American poker content platform

PokerGO is an over-the-top content platform based in Las Vegas, Nevada. PokerGO was launched in 2017 as a subscription-based streaming service, offering poker-centric online streaming.

The content offered on PokerGO includes poker tournaments, along with cash game-orientated shows.

== Content ==
PokerGO includes shows, tournament replays, and cash games. Other media includes episodes, live-streams, and recap videos. Live-streamed events can be accessed as on-demand videos after. Media scholars have discussed PokerGO's subscription model as part of a broader history of poker spectatorship spanning table chat, online forums, and Twitch livestreaming.

=== Poker tournaments and cash games ===

==== High Stakes Poker ====
High Stakes Poker is a cash game poker television program hosting a mix of professional and amateur poker players playing high stakes No-Limit Hold'em with buy-ins ranging from $100,000 to $500,000.

The show debuted in January 2006 and initially ran for seven seasons till May 2011. In February 2020, PokerGO announced that they had acquired the High Stakes Poker brand and the show's assets.

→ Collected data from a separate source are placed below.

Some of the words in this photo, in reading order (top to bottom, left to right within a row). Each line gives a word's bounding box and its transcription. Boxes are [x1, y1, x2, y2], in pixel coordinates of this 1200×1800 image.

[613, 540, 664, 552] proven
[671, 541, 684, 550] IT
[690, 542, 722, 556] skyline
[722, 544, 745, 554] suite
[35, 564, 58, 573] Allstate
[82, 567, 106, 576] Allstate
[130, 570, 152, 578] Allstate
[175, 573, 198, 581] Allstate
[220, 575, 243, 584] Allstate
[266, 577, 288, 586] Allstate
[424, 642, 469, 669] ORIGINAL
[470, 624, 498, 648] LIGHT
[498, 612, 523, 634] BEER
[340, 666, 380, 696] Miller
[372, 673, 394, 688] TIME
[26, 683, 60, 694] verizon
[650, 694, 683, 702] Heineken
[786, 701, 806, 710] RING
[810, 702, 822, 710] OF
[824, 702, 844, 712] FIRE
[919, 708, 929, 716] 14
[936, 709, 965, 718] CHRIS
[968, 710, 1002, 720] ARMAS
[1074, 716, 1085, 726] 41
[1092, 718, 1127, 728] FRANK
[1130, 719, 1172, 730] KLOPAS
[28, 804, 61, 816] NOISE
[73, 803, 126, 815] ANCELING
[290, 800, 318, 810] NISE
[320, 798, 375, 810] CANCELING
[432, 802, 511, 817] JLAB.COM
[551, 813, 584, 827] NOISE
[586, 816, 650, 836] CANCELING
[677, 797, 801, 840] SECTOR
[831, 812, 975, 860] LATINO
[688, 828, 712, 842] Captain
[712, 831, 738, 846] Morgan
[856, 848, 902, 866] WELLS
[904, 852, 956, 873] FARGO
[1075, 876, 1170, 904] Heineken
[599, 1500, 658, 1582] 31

In December 2020, a new season of High Stakes Poker aired on PokerGO, featuring returning players such as Tom Dwan and Phil Hellmuth alongside new players including Doug Polk and Chamath Palihapitiya.

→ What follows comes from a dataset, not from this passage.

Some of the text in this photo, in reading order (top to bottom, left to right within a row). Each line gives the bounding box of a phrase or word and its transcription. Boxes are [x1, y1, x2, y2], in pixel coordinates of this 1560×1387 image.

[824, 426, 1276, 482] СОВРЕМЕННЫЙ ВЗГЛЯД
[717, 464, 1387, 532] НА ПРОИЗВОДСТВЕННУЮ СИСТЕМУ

There are nine seasons of High Stakes Poker and 126 episodes, and current hosts include Nick Schulman and A. J. Benza.

==== Poker After Dark ====
Poker After Dark is a poker television program that follows the development of one table of poker players over a period of time. The seasons are split into weeks with each given a theme based on the players involved. Poker After Dark originally began under a No-Limit Hold'em sit-n-go format before evolving to cash games that also featured different game variations such as Pot-Limit Omaha, 2-7 Triple Draw, H.O.R.S.E., or Short Deck.

The original series would see one table play over five episodes with the sixth episode being a director's cut. The show was acquired in 2017 and rebooted as a live stream show for four seasons before returning to the episodic format for season 12.

==== World Series of Poker ====
The World Series of Poker (WSOP) is a series of tournaments of most major poker variants that have been held annually in Las Vegas since 1970. The WSOP expanded to Europe in 2007, and Asia-Pacific in 2012.

PokerGO acquired the global television and digital media rights to the WSOP in 2017. The agreement expanded programming with live coverage on both ESPN and PokerGO. In 2020, WSOP Classic was added to the PokerGO library that included footage from both the WSOP Main Event and WSOP bracelet events from 2003—2010.

In April 2021, the WSOP signed a multi-year television rights deal with CBS Sports, which became the domestic broadcast partner for the Main Event and Gold Bracelet events, building on an existing arrangement under which PokerGO had streamed bracelet events alongside CBS's platforms. The WSOP Main Event returned to ESPN in 2026 under a new multi-year agreement, with ESPN providing daily coverage building to a live prime-time final table.

==== Super High Roller Bowl ====
The Super High Roller Bowl is a recurring high-stakes No-Limit Hold'em poker tournament held at various locations around the world since 2015. After beginning in Las Vegas, the Super High Roller Bowl has expanded to Macau, London, Bahamas, Australia, and Russia, as well as having an online event on partypoker in 2020.

==== U.S. Poker Open ====
The U.S. Poker Open is a poker tournament series hosted in the PokerGO Studio since 2018. The series features a variety of events at different buy-in amounts and crowns a series champion each year. Previous series champions include Stephen Chidwick (2018) and David Peters (2019).

==== Poker Masters ====
Held since 2017, the Poker Masters is a poker tournament series hosted in the PokerGO Studio. The series awards a Purple Jacket to the overall champion, and winners include Steffen Sontheimer (2017), Ali Imsirovic (2018), and Sam Soverel (2019). In 2020, the event moved online to partypoker, and Alexandros Kolonias won the championship.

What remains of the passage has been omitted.